Max Ernst, in full Maximilian Maria Ernst, (born April 2, 1891, Brühl, Germany—died April 1, 1976, Paris, France), German painter and sculptor who was one of the leading advocates of irrationality in art and an originator of the Automatism movement of Surrealism. He became a naturalized citizen of both the United States (1948) and France (1958).

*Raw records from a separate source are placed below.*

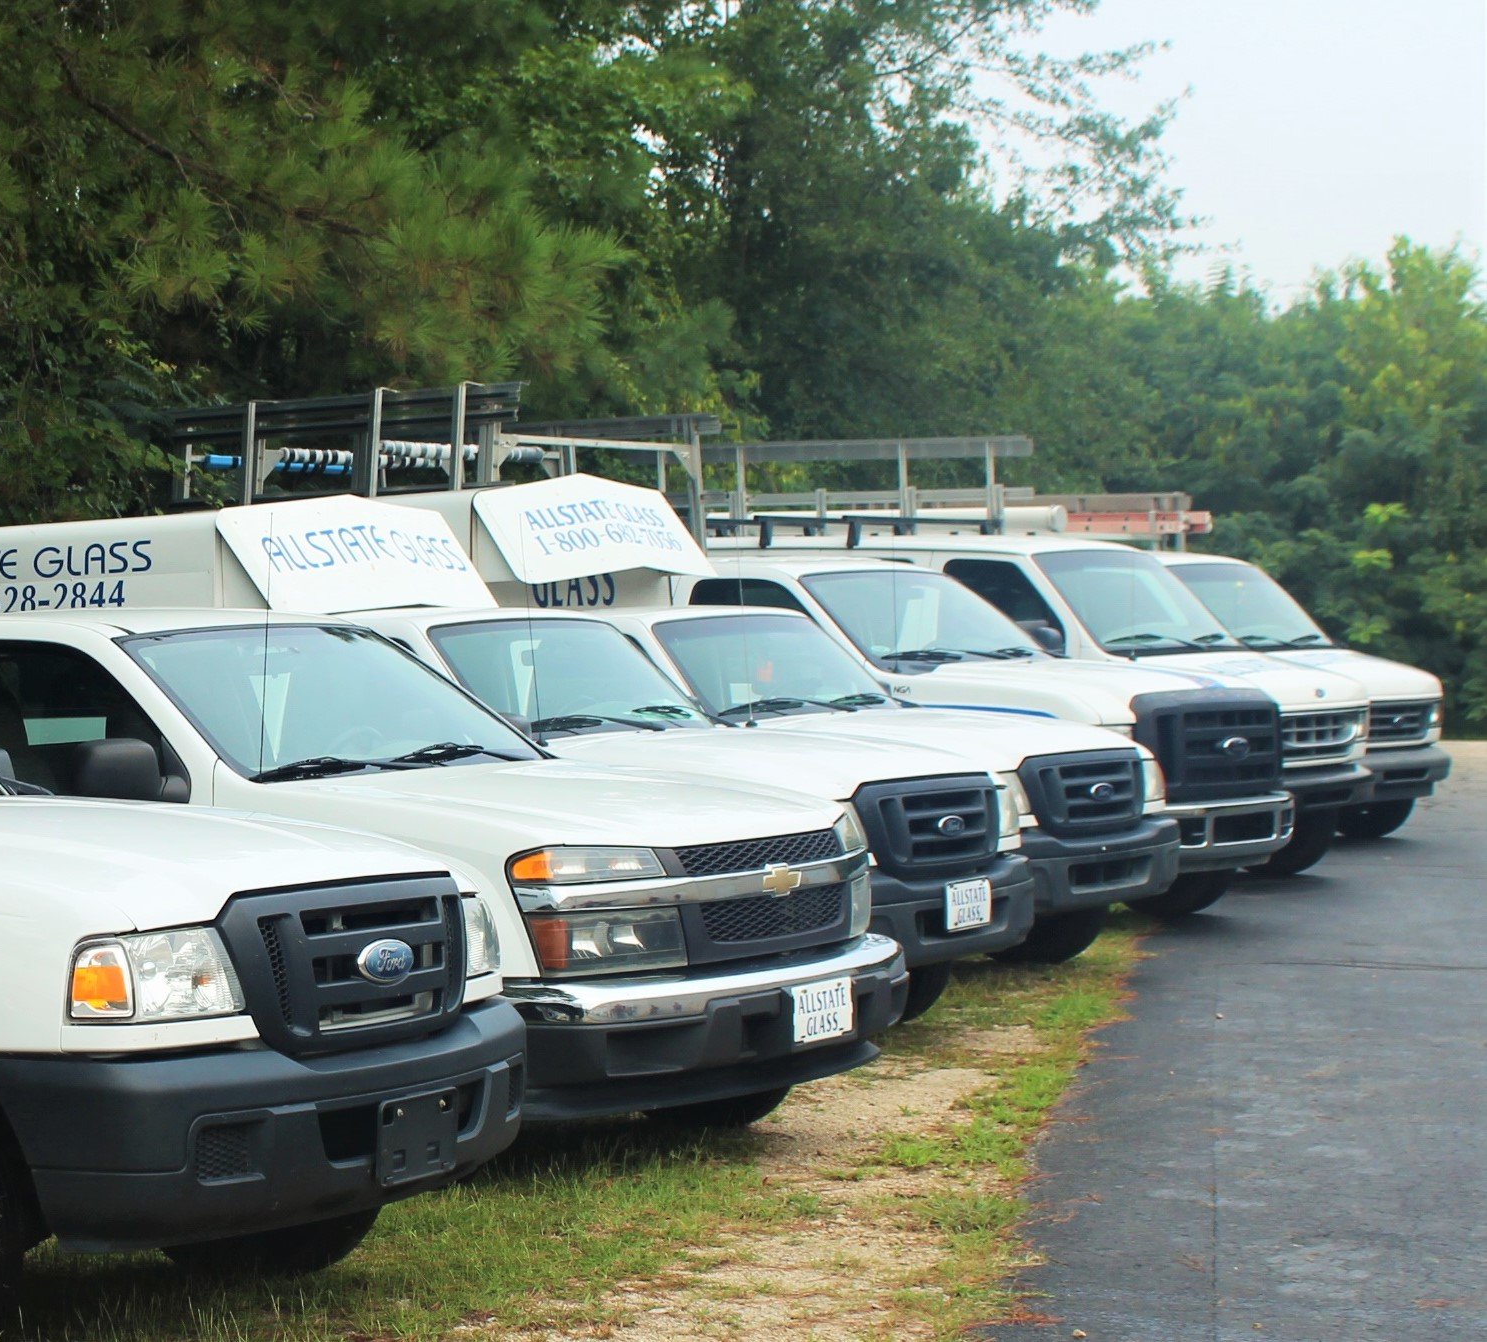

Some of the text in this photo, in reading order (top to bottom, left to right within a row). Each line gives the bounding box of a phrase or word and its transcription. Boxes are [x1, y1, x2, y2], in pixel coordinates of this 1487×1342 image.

[525, 500, 665, 531] ALLSTATE GLASS
[33, 540, 152, 579] GLASS
[261, 525, 467, 573] ALLSTATE GLASS
[952, 886, 987, 906] ALLSTATE
[377, 946, 406, 972] Ford
[798, 987, 846, 1015] ALLSTATE
[806, 1012, 839, 1036] GLASS

Here is the excellent entry from the Encyclopedea Britannica

Ernst’s early interests were psychiatry and philosophy, but he abandoned his studies at the University of Bonn for painting. After serving in the German army during World War I, Ernst was converted to Dada, a nihilistic art movement, and formed a group of Dada artists in Cologne. With the artist-poet Jean Arp, he edited journals and created a scandal by staging a Dada exhibit in a public restroom. More important, however, were his Dada collages and photomontages, such as Here Everything Is Still Floating (1920), a startlingly illogical composition made from cutout photographs of insects, fish, and anatomical drawings ingeniously arranged to suggest the multiple identity of the things depicted.

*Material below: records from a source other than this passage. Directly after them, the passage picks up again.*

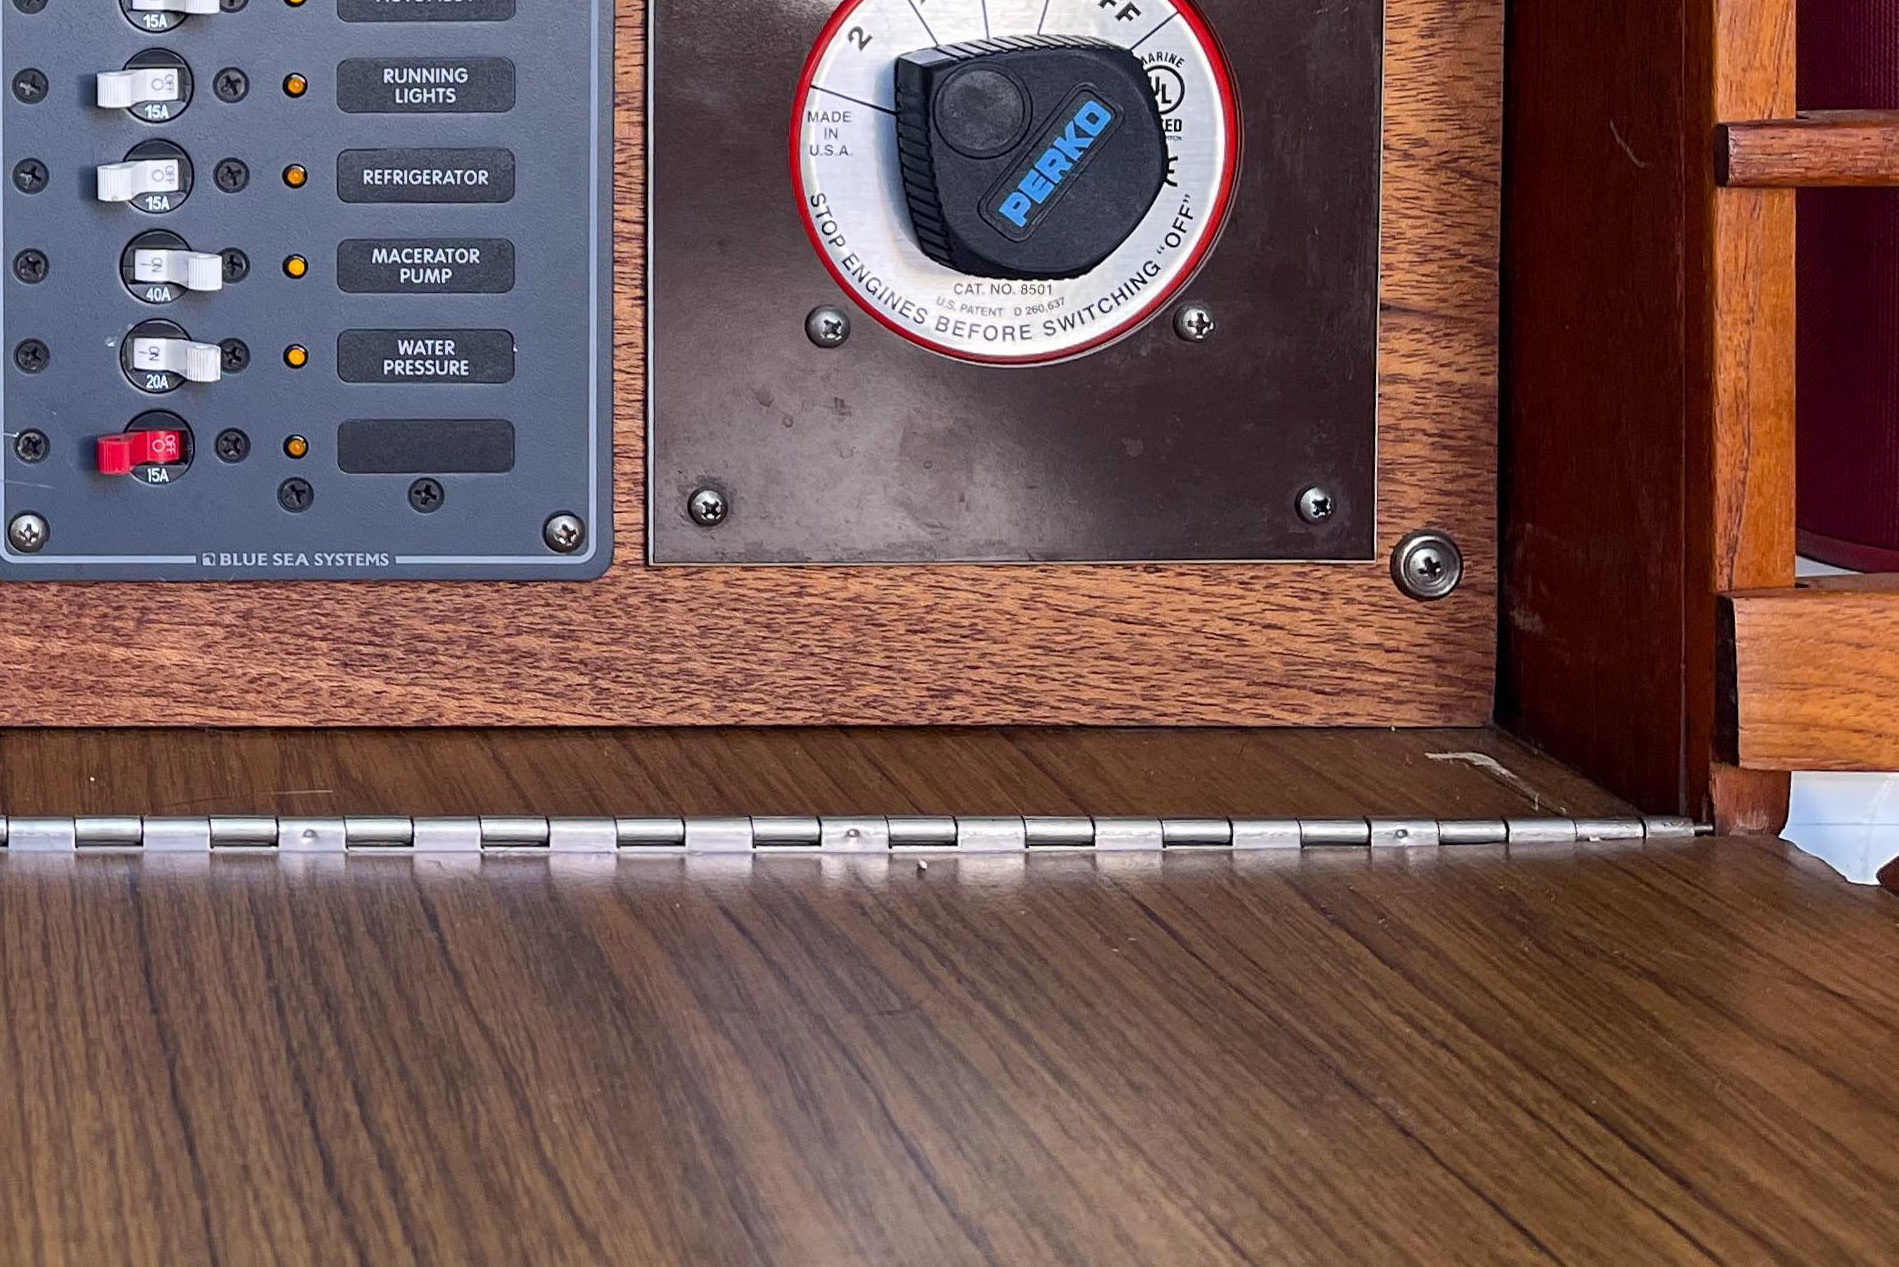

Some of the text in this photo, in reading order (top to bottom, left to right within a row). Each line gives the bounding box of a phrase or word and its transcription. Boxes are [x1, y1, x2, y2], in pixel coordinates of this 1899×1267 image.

[143, 14, 167, 28] 15A
[848, 25, 873, 51] 2
[383, 67, 468, 84] RUNNING
[395, 88, 457, 104] LIGHTS
[145, 104, 169, 119] 15A
[807, 111, 852, 123] MADE
[824, 128, 838, 139] IN
[809, 145, 853, 157] U.S.A.
[998, 100, 1112, 227] PERKO
[164, 165, 175, 184] OFF
[363, 169, 489, 185] REFRIGERATOR
[146, 196, 170, 210] 15A
[372, 248, 480, 264] MACERATOR
[151, 257, 163, 273] ON
[810, 193, 846, 249] STOP
[841, 253, 928, 325] ENGINES
[935, 315, 1032, 342] BEFORE
[1043, 260, 1162, 337] SWITCHING
[400, 268, 452, 284] PUMP
[146, 287, 171, 302] 40A
[953, 283, 1052, 295] CAT. NO. 8501
[936, 296, 957, 311] U.S.
[960, 303, 1004, 317] PATENT
[148, 346, 160, 361] ON
[397, 339, 456, 356] WATER
[383, 359, 469, 376] PRESSURE
[146, 374, 169, 389] 20A
[164, 434, 176, 454] OFF
[147, 468, 169, 482] 15A
[220, 552, 390, 566] BLUE SEA SYSTEMS

In 1922 Ernst moved to Paris, where two years later he became a founding member of the Surrealists, a group of artists and writers whose work grew out of fantasies evoked from the unconscious. To stimulate the flow of imagery from his unconscious mind, Ernst began in 1925 to use the techniques of frottage (pencil rubbings of such things as wood grain, fabric, or leaves) and decalcomania (the technique of transferring paint from one surface to another by pressing the two surfaces together). Contemplating the accidental patterns and textures resulting from these techniques, he allowed free association to suggest images he subsequently used in a series of drawings (Histoire naturelle, 1926) and in many paintings, such as The Great Forest (1927) and The Temptation of St. Anthony (1945). These vast swamplike landscapes stem ultimately from the tradition of nature mysticism of the German Romantics.

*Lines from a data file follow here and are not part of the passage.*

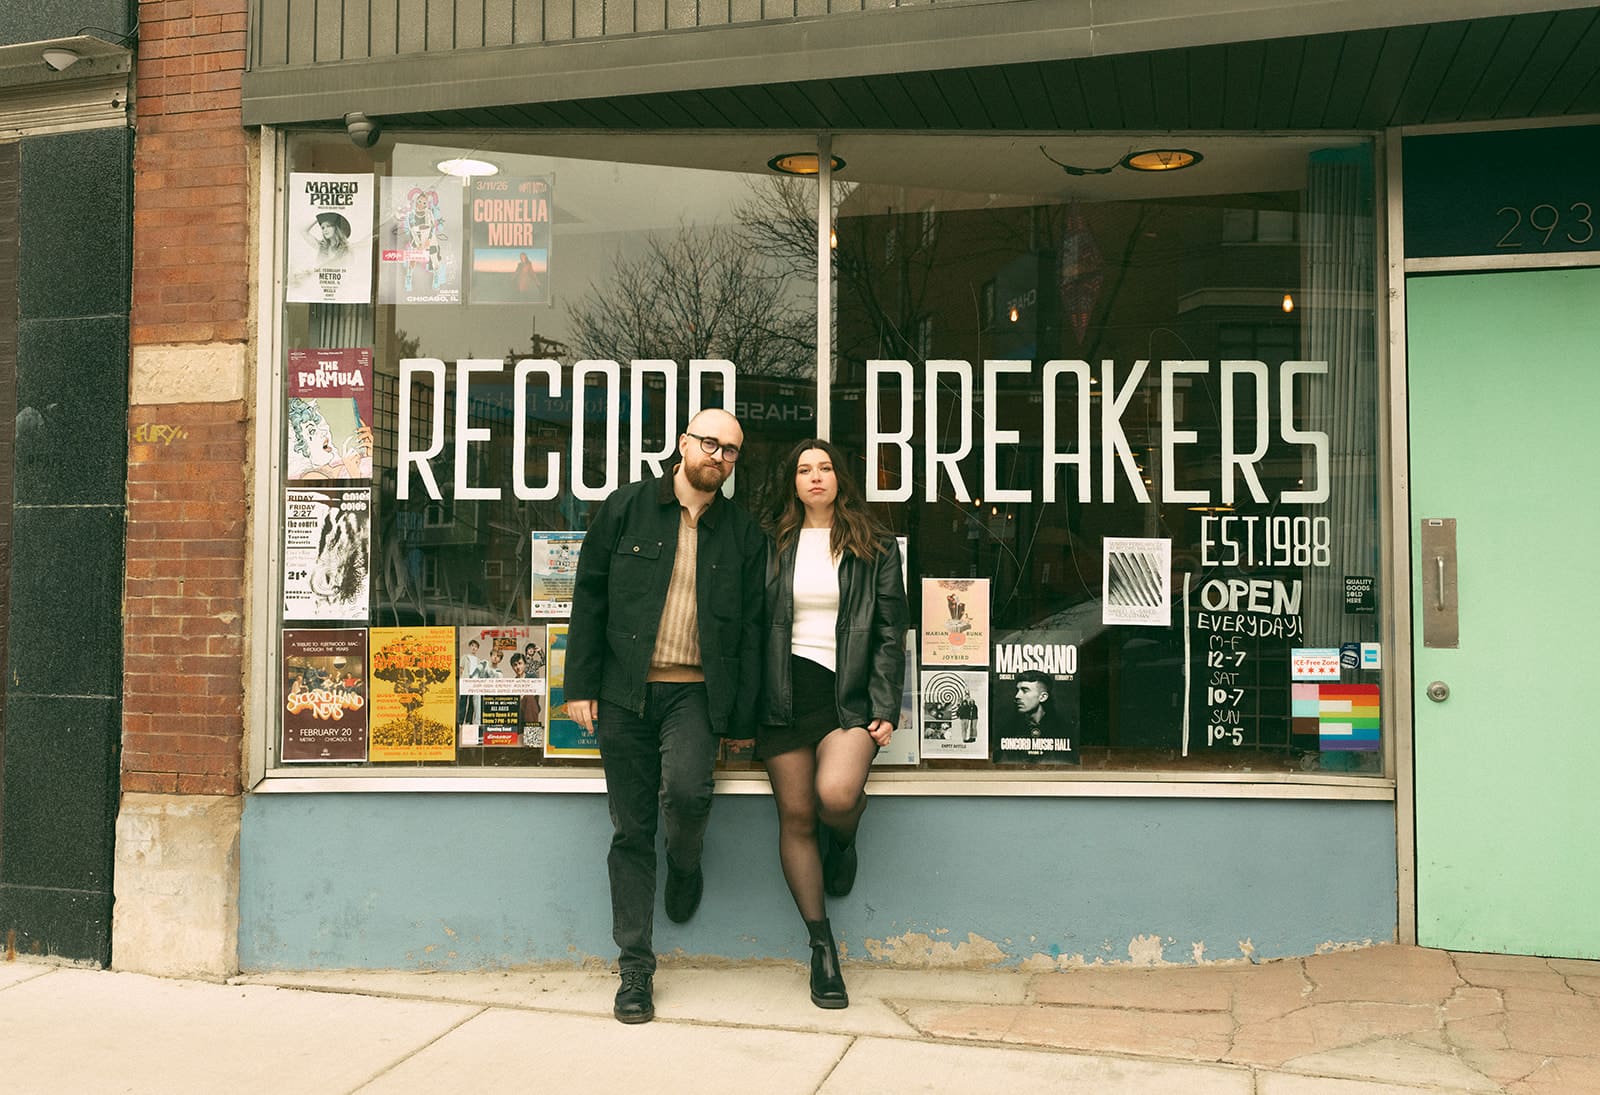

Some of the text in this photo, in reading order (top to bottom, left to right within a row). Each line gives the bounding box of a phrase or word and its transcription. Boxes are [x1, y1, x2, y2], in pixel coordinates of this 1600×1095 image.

[305, 181, 359, 194] MARGO
[476, 180, 509, 191] 3/11/26
[310, 193, 354, 206] PRICE
[473, 199, 548, 222] CORNELIA
[1496, 202, 1594, 248] 293
[488, 223, 534, 247] MURR
[319, 272, 342, 281] METRO
[406, 295, 449, 303] CHICAGO,
[318, 360, 339, 371] THE
[298, 369, 365, 388] FORMULA
[865, 359, 1330, 503] BREAKERS
[287, 570, 308, 581] 21+
[1200, 579, 1302, 615] OPEN
[1197, 613, 1303, 643] EVERYDAY!
[995, 643, 1078, 674] MASSANO
[1207, 650, 1247, 668] 12-7
[1209, 672, 1239, 686] SAT
[1207, 686, 1244, 706] 10-7
[312, 702, 345, 719] NEWS
[1210, 709, 1240, 724] SUN
[299, 728, 352, 737] FEBRUARY 20
[1207, 724, 1244, 746] 10-5
[1000, 737, 1072, 751] CONCORD MUSIC HALL

In 1929 Ernst returned to collage and created The Woman with 100 Heads, his first “collage novel”—a sequence of illustrations assembled from 19th- and 20th-century reading material and a format which he is credited with having invented. Soon afterward he created the collage novels A Little Girl Dreams of Taking the Veil (1930) and A Week of Kindness (1934).

After 1934 Ernst’s activities centred increasingly on sculpture, using improvised techniques in this medium just as he had in painting. Oedipus II (1934), for example, was cast from a stack of precariously balanced wooden pails to form a belligerent-looking phallic image.

At the outbreak of World War II, Ernst moved to the United States, where he joined his third wife, the collector and gallery owner Peggy Guggenheim (divorced 1943), and his son, the American painter Jimmy Ernst. While living on Long Island, New York, and after 1946 in Sedona, Arizona (with his fourth wife, the American painter Dorothea Tanning), he concentrated on such sculptures as The King Playing with the Queen (1944), which shows African influence. After his return to France in 1953, his work became less experimental: he spent much time perfecting his modeling technique in traditional sculptural materials.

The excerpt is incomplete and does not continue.